» **Work request**
Word for word, and without a single picture, repeat the entries.

::::

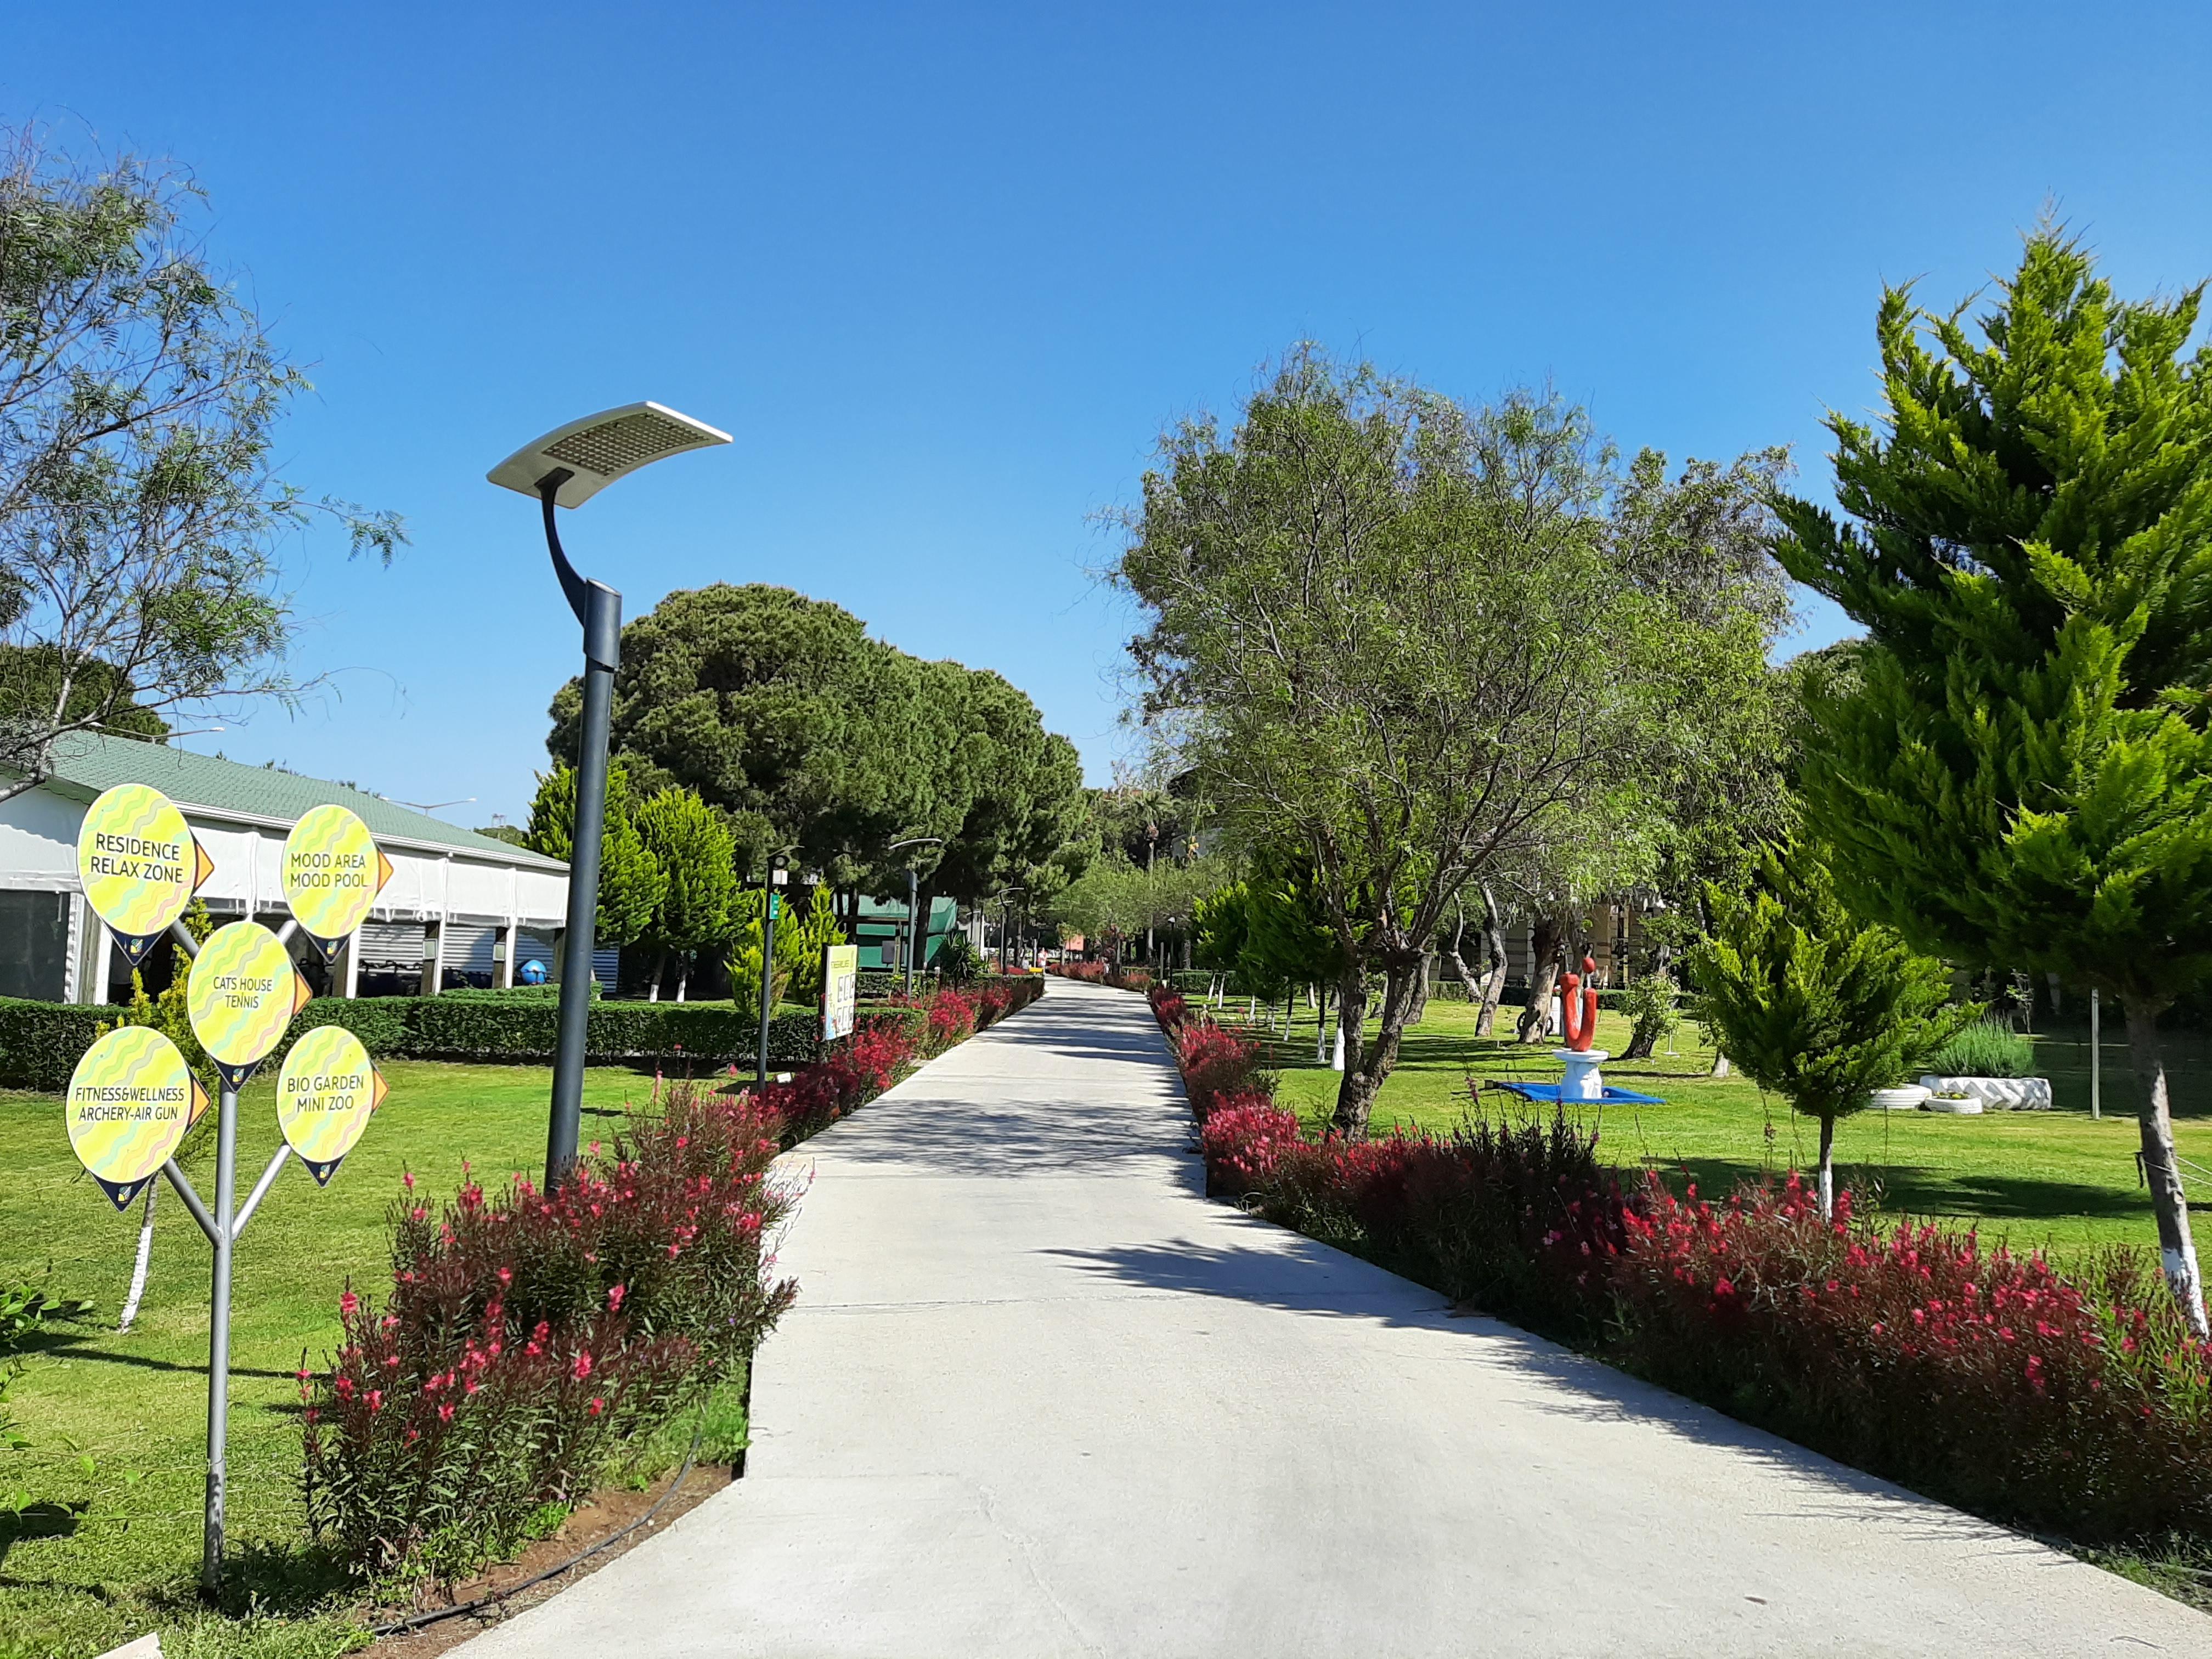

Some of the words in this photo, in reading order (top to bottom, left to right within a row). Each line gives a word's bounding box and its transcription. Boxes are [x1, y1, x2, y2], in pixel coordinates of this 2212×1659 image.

[96, 832, 179, 861] RESIDENCE
[291, 853, 331, 868] MOOD
[334, 854, 366, 868] AREA
[91, 856, 139, 878] RELAX
[143, 864, 183, 883] ZONE
[290, 873, 330, 888] MOOD
[335, 874, 369, 888] POOL
[213, 977, 237, 990] CATS
[240, 978, 272, 991] HOUSE
[225, 992, 259, 1008] TENNIS
[287, 1077, 310, 1092] BIO
[314, 1075, 364, 1091] GARDEN
[76, 1087, 185, 1101] FITNESS&WELLNESS
[297, 1097, 324, 1113] MINI
[328, 1095, 354, 1110] ZOO
[78, 1107, 152, 1121] ARCHERY-AIR
[155, 1107, 178, 1120] GUN
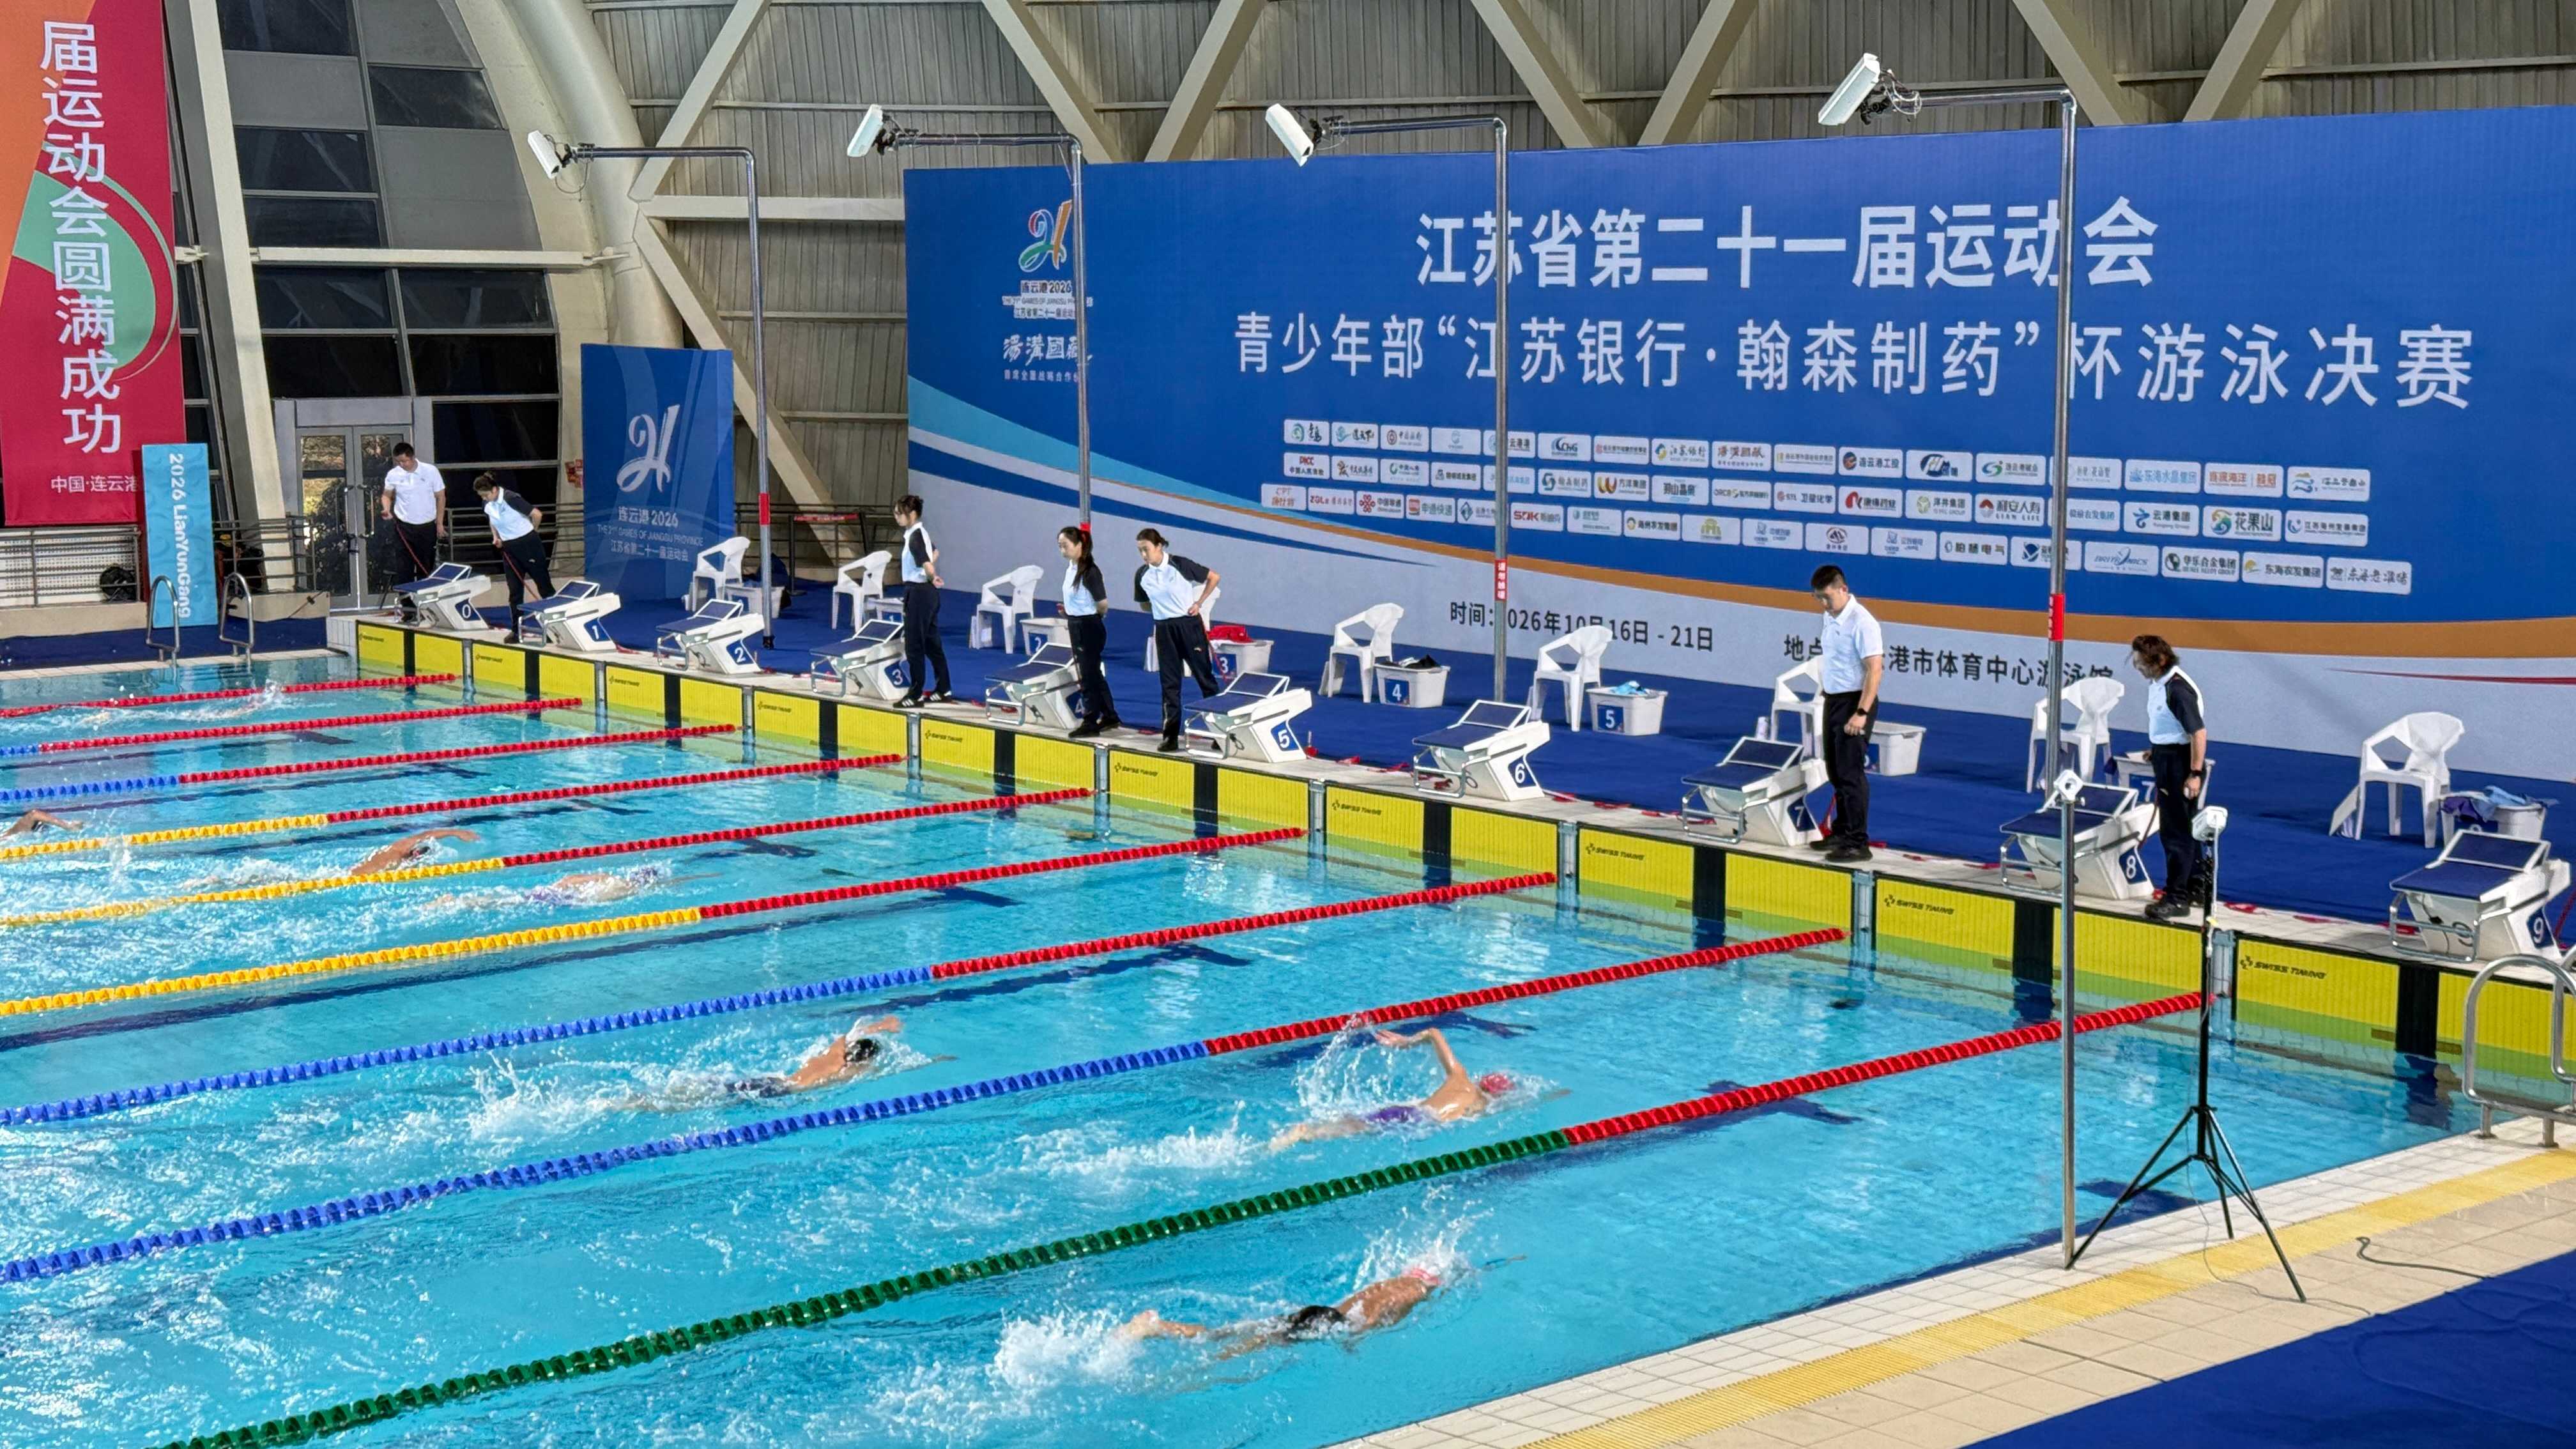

::::

» **Solution**
Some of the words in this photo, in reading order (top to bottom, left to right within a row). Each line gives a word's bounding box and its transcription. Boxes are [x1, y1, x2, y2], in pixel coordinates of this 2212×1659 image.

[96, 832, 179, 861] RESIDENCE
[291, 853, 331, 868] MOOD
[334, 854, 366, 868] AREA
[91, 856, 139, 878] RELAX
[143, 864, 183, 883] ZONE
[290, 873, 330, 888] MOOD
[335, 874, 369, 888] POOL
[213, 977, 237, 990] CATS
[240, 978, 272, 991] HOUSE
[225, 992, 259, 1008] TENNIS
[287, 1077, 310, 1092] BIO
[314, 1075, 364, 1091] GARDEN
[76, 1087, 185, 1101] FITNESS&WELLNESS
[297, 1097, 324, 1113] MINI
[328, 1095, 354, 1110] ZOO
[78, 1107, 152, 1121] ARCHERY-AIR
[155, 1107, 178, 1120] GUN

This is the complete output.